EVERETT: No, I was never embedded in the MIT culture, so I really can't say.
INTERVIEWER: Okay. When you think of Jay Forrester do you see him as-- is he a colleague, is he a mentor? What role has he played, do you think, in influencing your own career?
EVERETT: Oh, gee. He had an enormous effect on me. He's a truly amazing man. And his leadership of Whirlwind Project and Sage-- as I said there's an issue of computer history magazine, that the IEEE puts out-- which is on Sage. And in that I said if there had been no George Valley, there would have but no Sage Program. And if there'd been no Forrester, there would have been no Sage System. I believe also the statements are true. And so he's just a brilliant guy, just a brilliant guy, amazing fellow. So he taught me a lot and did a lot for me. I hope I did something for him.
INTERVIEWER: Have you been in touch with him over the years?
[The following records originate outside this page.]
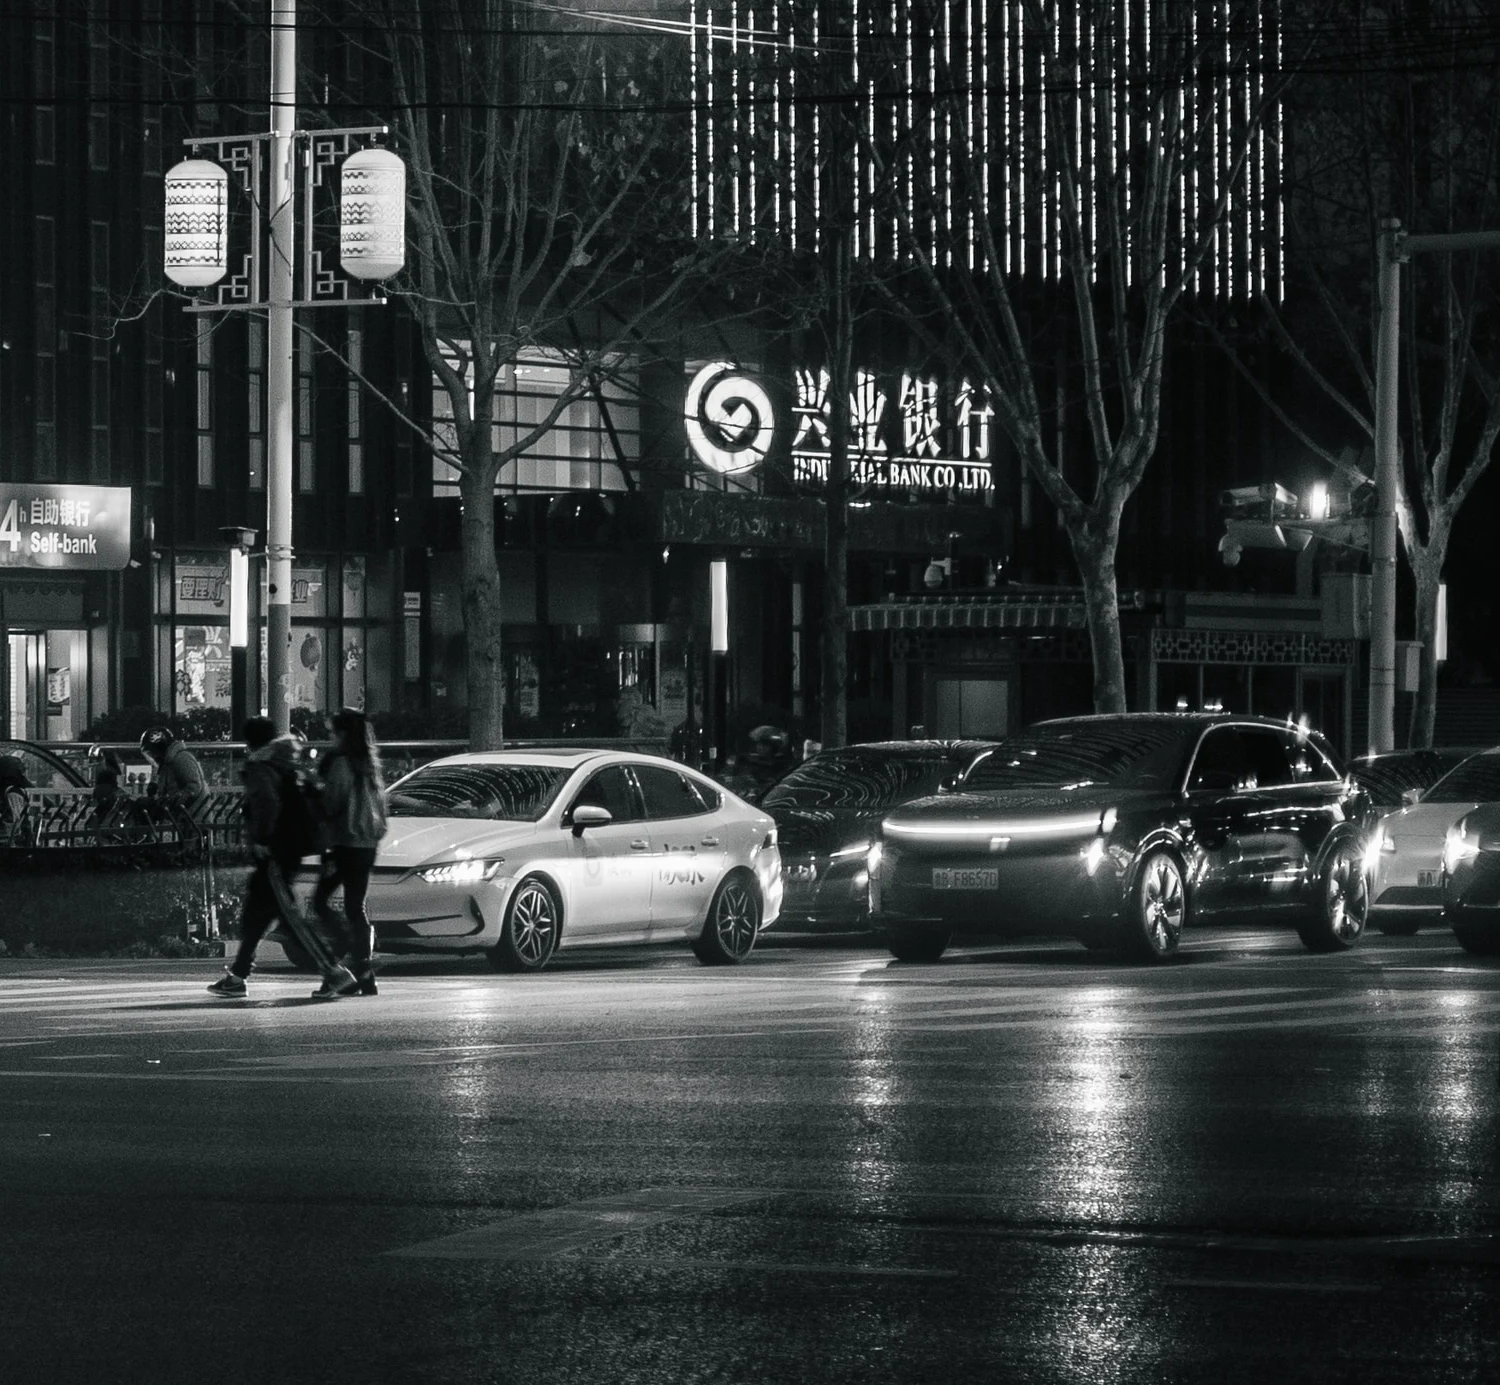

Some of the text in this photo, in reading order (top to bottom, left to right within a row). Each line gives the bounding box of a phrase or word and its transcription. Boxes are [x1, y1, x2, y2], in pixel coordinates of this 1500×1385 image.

[792, 369, 995, 459] 兴业银行
[890, 464, 932, 487] BANK
[30, 498, 91, 526] 自助银行
[30, 531, 97, 554] Self-bank
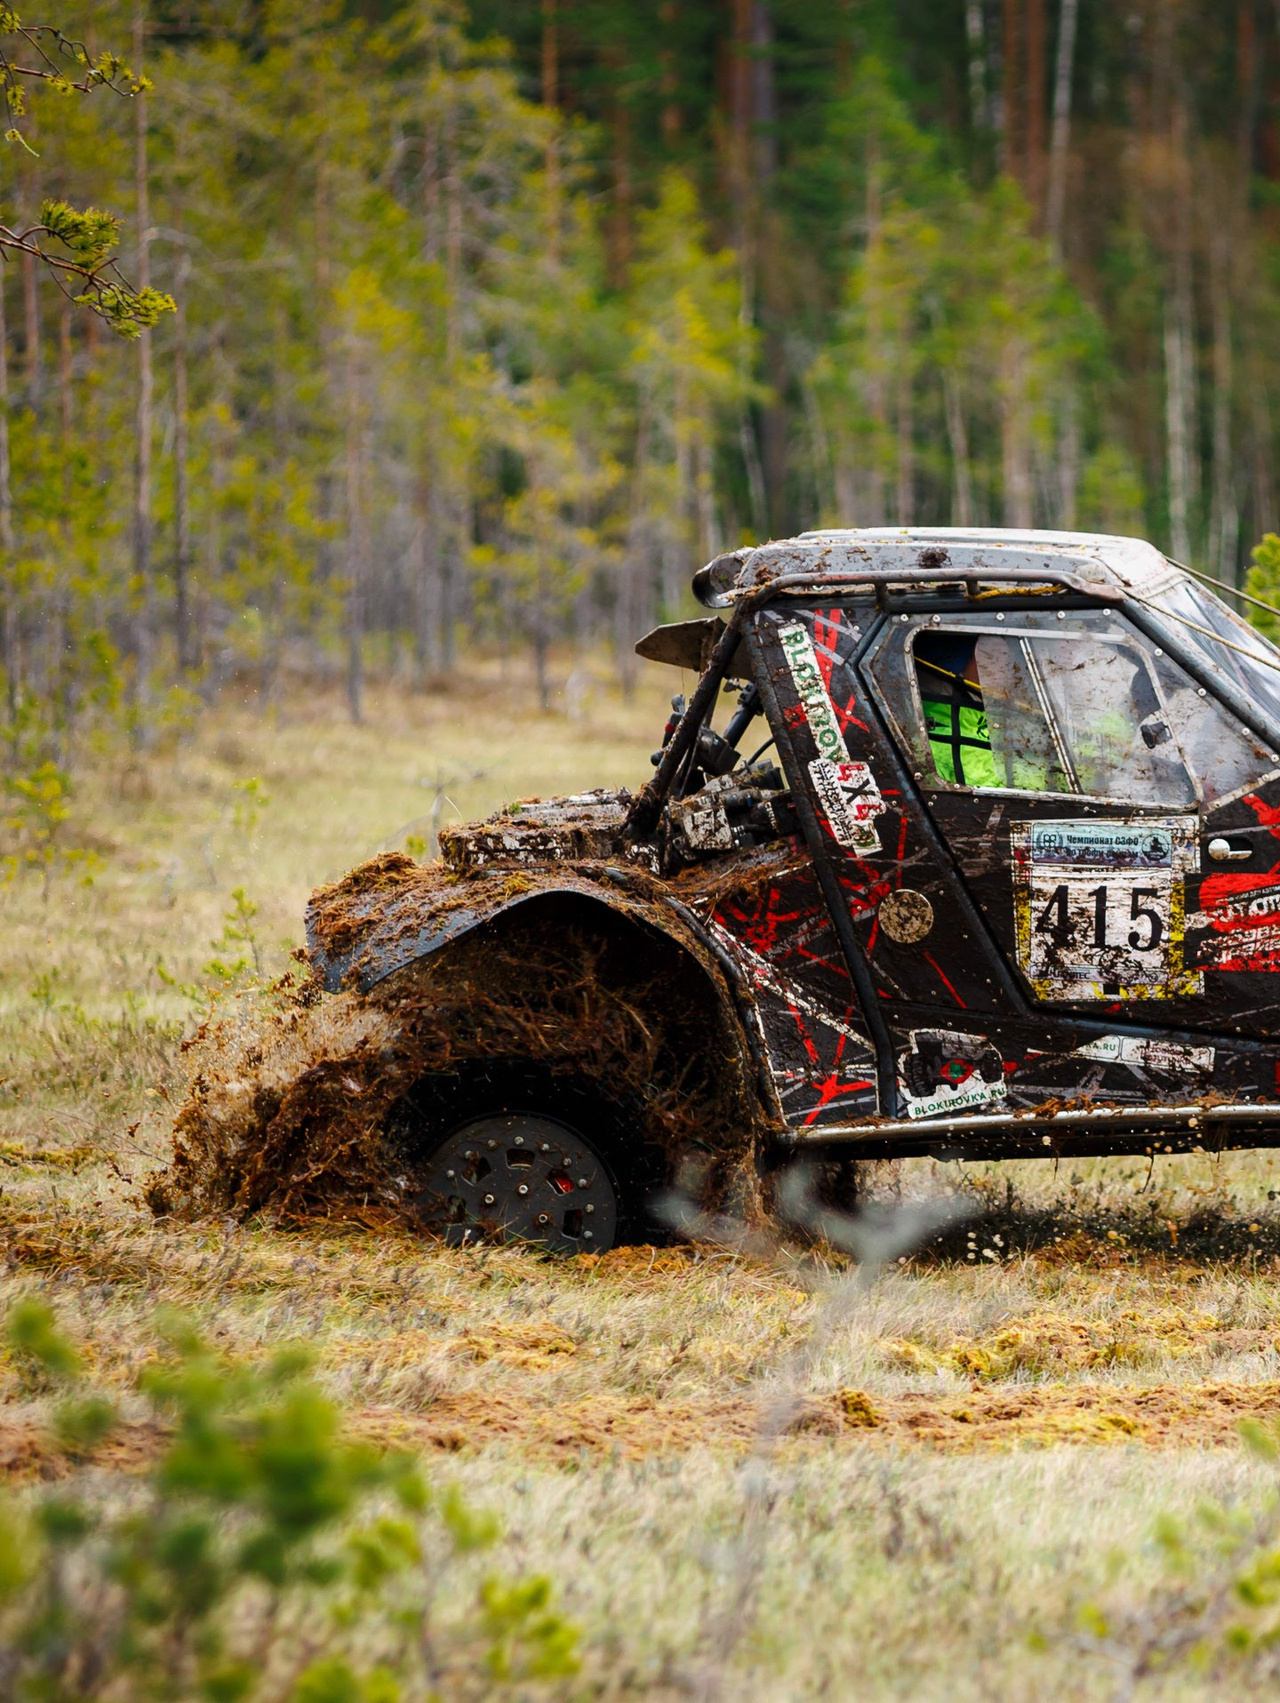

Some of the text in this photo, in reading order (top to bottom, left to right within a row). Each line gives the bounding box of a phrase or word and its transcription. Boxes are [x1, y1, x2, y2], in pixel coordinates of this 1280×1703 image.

[837, 765, 882, 821] 4X4
[1066, 834, 1139, 846] Чемпионат СЗФО
[1035, 885, 1165, 952] 415
EVERETT: Oh yeah. We usually have lunch a few times a year or something. I still see him. He lives in Newbury Court in Concord. And I have a number of friends there. When I go up there-- my wife has a dentist in Concord and so-- when she goes to the dentist, I go to Newbury Court and visit with Jay or other people. It's always fascinating. He's amazing. You know he's 91 now. And I told him the other day when I saw him that I'd always thought he'd live forever. He said he was in favor of that.
INTERVIEWER: Yes, he was working on this, on his new thoughts about applying system dynamics to education, public education.
EVERETT: That's right. He's going to raise $100 million.
INTERVIEWER: If anybody could do it.
EVERETT: Only Jay. He always did whatever he said he was going to do.
INTERVIEWER: What do think it is about MIT that makes it unique compared to other academic institutions? Is it something about the culture?
EVERETT: I've never quite thought of that, but I don't know. I would say a couple of things. One is that it's obviously a very senior place, full of very, very good people, which attracts very, very good students. And this leads to a feeling of pride and accomplishment, and confidence, which is probably stronger than almost any other engineering school. And I think it has a greater freedom for people to do things. It was certainly true back in the days of the Digital Computer Lab, and Sage, and Lincoln, and so on.
It's truly amazing as I look back on the amount of freedom and responsibility that was allowed for Jay and his people. And I don't know whether that's still true at MIT or not. I hope it is.
INTERVIEWER: Are there any other thoughts you have about MIT specifically, it's role globally?
EVERETT: No, I'm proud of the fact that I have a degree from MIT and that I worked here for 14 years. I'm proud of that. I have a great fondness and respect for MIT and the people in it.